Von Caroline Fetscher

„Hart aber fair“ mit Frank Plasberg. ARD, Mittwoch. Die übliche Frage seiner Schlussrunde – „Mit welchem Gast würden Sie gern eine Bergtour machen?“ – musste „Hart aber fair“-Moderator Frank Plasberg seinen Gästen erlassen. Dafür war der kleine Talkshow-Kessel zu heiß gekocht, er brodelte. Nein, Michel Friedman ist nicht der israelische Botschafter in Deutschland oder ein Vertreter des israelischen Militärs, sondern ein deutscher Journalist jüdischen Glaubens. Im Grunde sollte das den Eingeladenen bewusst sein, doch die waren hier die Aufgeladenen, aufgeladen mit erbitterter Emotion. Friedman geriet besonders dem Palästinenser-Verteidiger Norbert Blüm zum unfreiwilligen Vertreter eines Landes, dessen Staatsbürger er nicht ist. „Ihr müsst raus aus Gaza!“, ereiferte sich Blüm.

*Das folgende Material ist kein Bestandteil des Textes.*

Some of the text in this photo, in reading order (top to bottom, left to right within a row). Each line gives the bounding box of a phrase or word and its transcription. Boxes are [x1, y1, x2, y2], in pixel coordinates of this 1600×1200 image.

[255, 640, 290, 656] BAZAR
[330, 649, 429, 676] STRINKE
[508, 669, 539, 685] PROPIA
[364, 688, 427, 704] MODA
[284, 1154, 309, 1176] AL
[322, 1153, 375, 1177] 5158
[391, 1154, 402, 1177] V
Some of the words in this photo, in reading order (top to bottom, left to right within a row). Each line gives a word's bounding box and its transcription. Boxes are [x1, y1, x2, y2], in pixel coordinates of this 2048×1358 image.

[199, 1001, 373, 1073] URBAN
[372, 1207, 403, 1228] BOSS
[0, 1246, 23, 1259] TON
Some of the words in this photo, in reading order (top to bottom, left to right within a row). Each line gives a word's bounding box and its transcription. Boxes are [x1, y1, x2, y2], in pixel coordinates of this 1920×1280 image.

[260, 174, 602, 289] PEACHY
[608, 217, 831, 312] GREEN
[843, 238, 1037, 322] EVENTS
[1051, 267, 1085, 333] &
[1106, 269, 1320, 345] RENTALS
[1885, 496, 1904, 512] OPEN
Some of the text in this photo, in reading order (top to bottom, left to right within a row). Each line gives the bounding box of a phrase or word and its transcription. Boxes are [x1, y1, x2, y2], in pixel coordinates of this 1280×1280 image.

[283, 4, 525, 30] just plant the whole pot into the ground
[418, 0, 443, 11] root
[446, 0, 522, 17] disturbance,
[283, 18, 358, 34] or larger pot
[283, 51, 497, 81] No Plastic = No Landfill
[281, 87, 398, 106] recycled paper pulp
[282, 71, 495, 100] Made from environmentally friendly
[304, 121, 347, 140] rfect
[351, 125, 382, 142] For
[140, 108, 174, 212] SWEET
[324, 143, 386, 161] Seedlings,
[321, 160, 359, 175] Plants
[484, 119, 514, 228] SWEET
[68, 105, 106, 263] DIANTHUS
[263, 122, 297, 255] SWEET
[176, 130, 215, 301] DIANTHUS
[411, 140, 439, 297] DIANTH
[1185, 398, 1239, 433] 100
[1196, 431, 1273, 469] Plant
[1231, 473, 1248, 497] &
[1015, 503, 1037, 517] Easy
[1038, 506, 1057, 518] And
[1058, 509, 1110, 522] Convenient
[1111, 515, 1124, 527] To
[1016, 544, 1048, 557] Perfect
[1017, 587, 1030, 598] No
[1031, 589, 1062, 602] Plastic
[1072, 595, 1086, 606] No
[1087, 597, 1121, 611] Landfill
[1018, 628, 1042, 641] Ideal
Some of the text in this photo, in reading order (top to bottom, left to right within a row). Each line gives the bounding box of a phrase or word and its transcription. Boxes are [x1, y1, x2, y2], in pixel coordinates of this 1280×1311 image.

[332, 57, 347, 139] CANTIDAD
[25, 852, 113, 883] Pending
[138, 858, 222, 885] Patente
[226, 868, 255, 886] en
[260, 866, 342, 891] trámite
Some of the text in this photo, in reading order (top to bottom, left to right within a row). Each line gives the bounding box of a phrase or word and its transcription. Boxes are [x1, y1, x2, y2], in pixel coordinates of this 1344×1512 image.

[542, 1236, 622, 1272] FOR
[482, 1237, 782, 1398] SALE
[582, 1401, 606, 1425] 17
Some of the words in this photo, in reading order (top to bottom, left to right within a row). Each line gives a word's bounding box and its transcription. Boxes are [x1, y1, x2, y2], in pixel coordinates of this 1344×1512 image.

Das Thema das Abends lautete „Blutige Trümmer in Gaza – wie weit geht unsere Solidarität mit Israel?“ Ob es tabu sei, „Israel offen zu kritisieren“, wollte Plasberg wissen. Tabu ist gar nichts, doch in den Köpfen geht immer noch viel durcheinander, dafür war die Sendung ein weiteres Symptom. Neben Friedman und Blüm diskutierten Ulrich Kienzle, einst Reporter für die Region Nahost, Udo Steinbach vom Zentrum für Nah- und Mittelost-Studien der Universität Marburg, sowie Rudolf Dreßler, von 2000 bis 2005 deutscher Botschafter in Israel. Kienzle missfiel es, wenn getötete israelische Zivilisten zu „Opfern des Terrorismus“ erklärt werden, während Tote im Gazastreifen als Opfer „israelischer Selbstverteidigung“ bezeichnet werden. Friedman widersprach, die Hamas-Kämpfer seien durchaus mit den Taliban zu vergleichen. Weitere Argumente gingen in allgemeinem Geschrei unter.

Mehrmals lief Plasberg auf die Streitenden zu wie ein Lehrer mit Schulhof-Aufsicht. Beleidigt erklärte Steinbach, ihm mache es nichts aus, wenn man ihn als „Nazischwein“ beschimpfe, obwohl das keiner getan hatte. Von Neonazis distanzierten sich alle, da müsse man „hart durchgreifen“, nickte auch Blüm.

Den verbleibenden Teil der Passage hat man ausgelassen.